Critique

Otobong Nkanga, constellations mémorielles

15.07.2018 |

Otobong Nkanga, AlterScape Stories: Uprooting the Past, 2006, courtesy Otobong Nkanga, © Photo : courtesy Lumen Travo Gallery, Amsterdam et Galerie In Situ – Fabienne Leclerc, Paris

La première exposition individuelle d’Otobong Nkanga (née en 1974 au Nigeria) organisée aux États-Unis témoigne de la capacité de cette artiste à insuffler aux scènes les plus graves une poésie salutaire.

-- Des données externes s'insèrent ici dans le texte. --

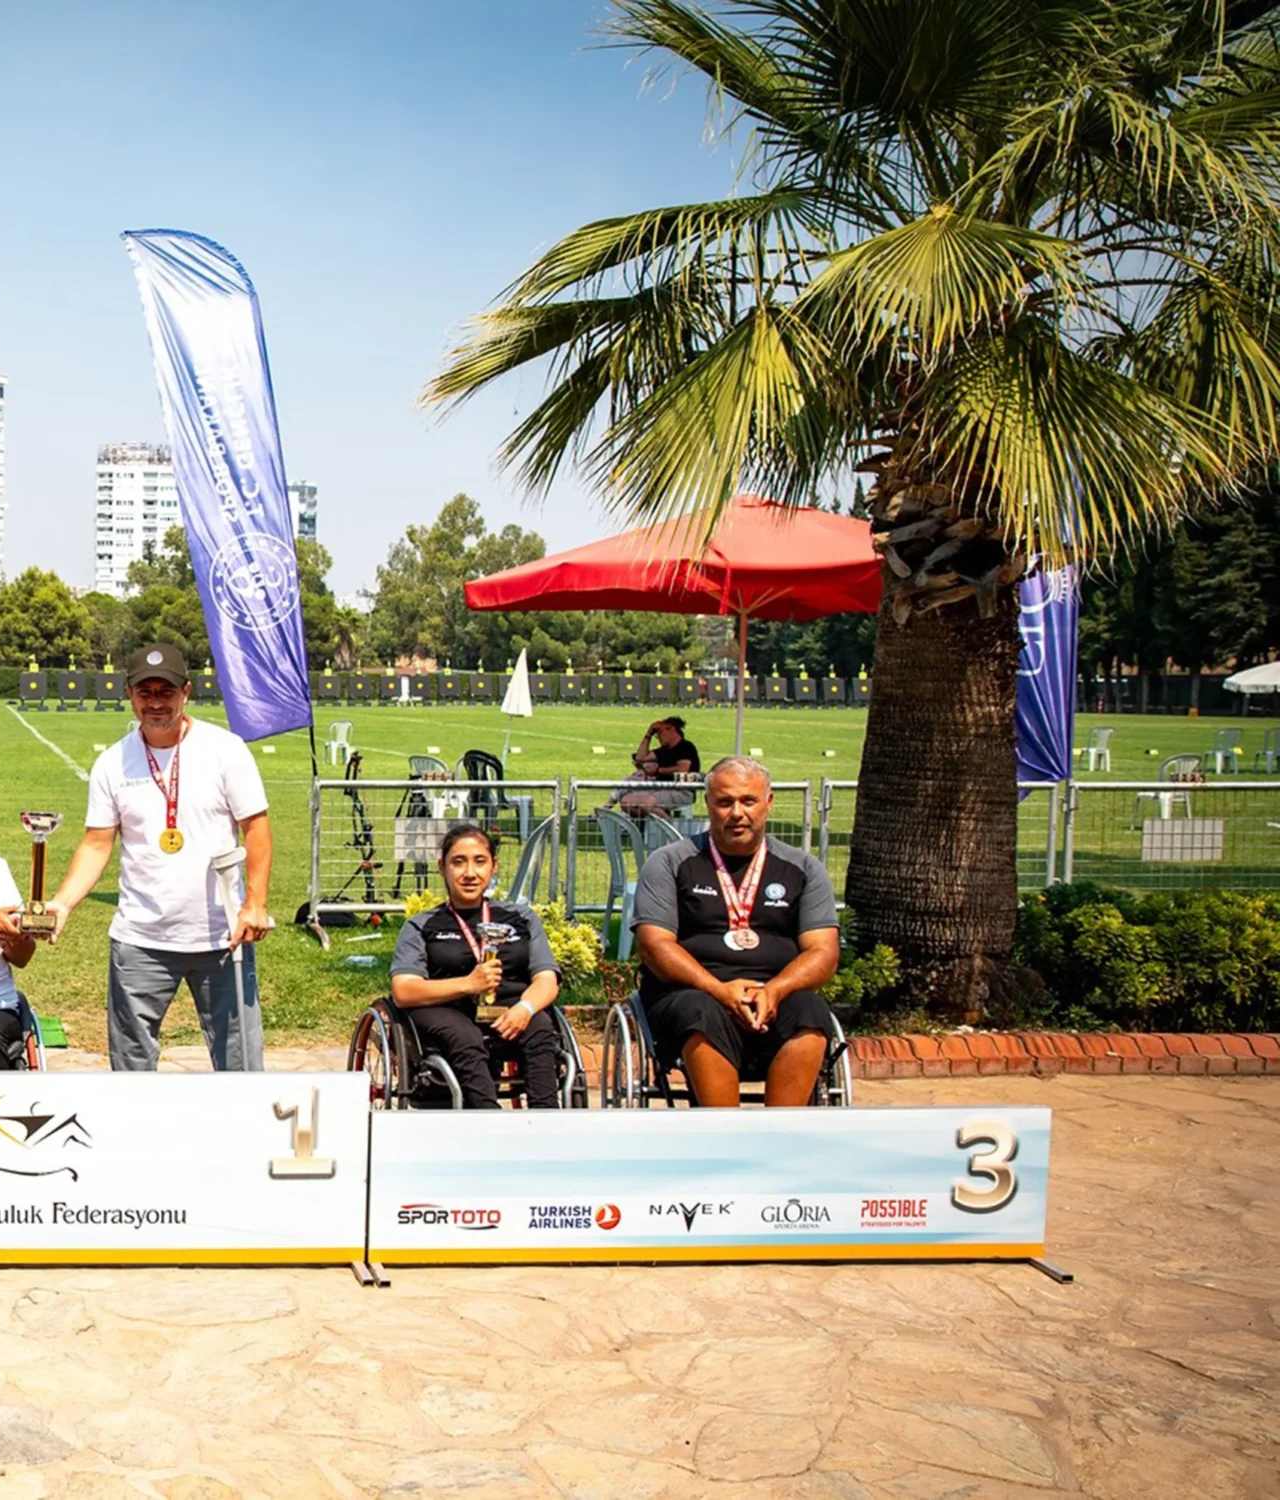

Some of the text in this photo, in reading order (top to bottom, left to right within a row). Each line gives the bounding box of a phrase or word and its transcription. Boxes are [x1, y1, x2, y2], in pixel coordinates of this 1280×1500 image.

[268, 1083, 336, 1180] 1
[951, 1120, 1019, 1214] 3
[52, 1202, 187, 1229] Federasyonu
[528, 1217, 592, 1229] AIRLINES
[529, 1206, 592, 1217] TURKISH
[649, 1202, 732, 1232] NAVEK
[761, 1202, 831, 1223] GLORIA
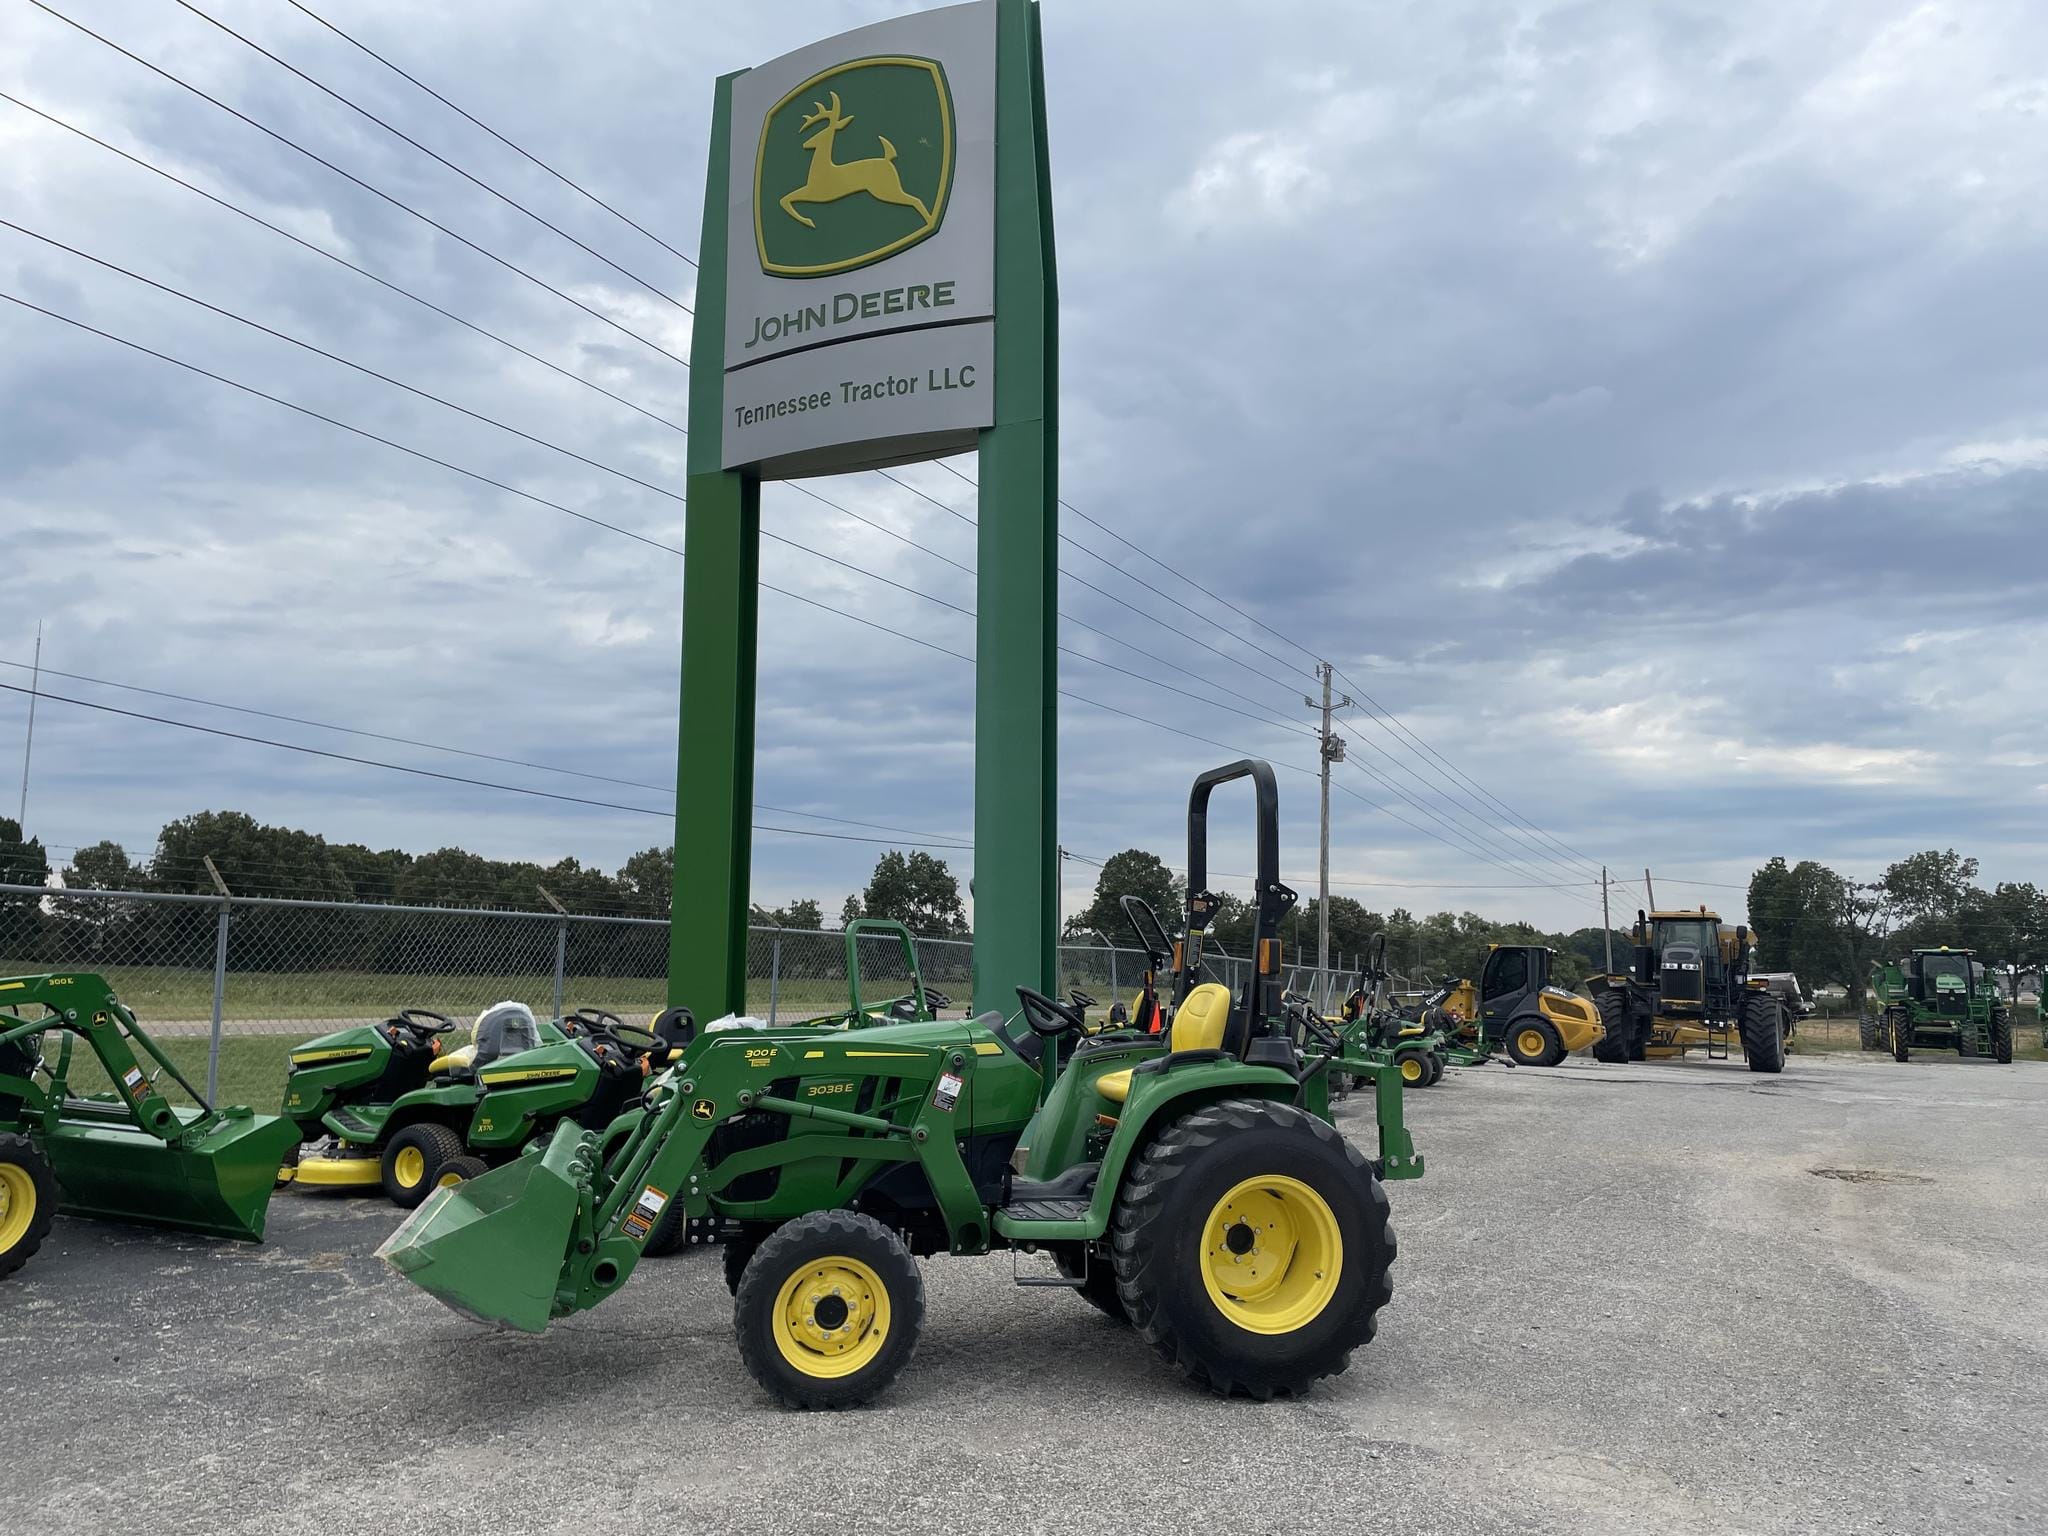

L’ensemble des travaux sélectionnés, qui comprend notamment un grand nombre de dessins, ainsi que des tapisseries et des installations, réalisés entre 2005 et 2018, est déployé dans une seule vaste galerie du Museum of Contemporary Art de Chicago, se présentant comme une constellation de récits au sein de laquelle le public peut circuler librement. Chacun de ces récits porte un regard singulier sur les traumatismes induits par la colonisation sur les territoires et les corps. Cette exposition explore la transformation des paysages, dont les origines sont souvent enfouies sous des strates d’histoire, et les liens qui unissent l’Afrique et l’Occident. En l’inaugurant par une performance autour de l’installation Solid Maneuvers (2015), issue d’une réflexion sur les effets dévastateurs de l’extraction de cuivre en Namibie par les Allemands au début du XXe siècle, O. Nkanga place son corps et son expérience personnelle au cœur de cette exploration.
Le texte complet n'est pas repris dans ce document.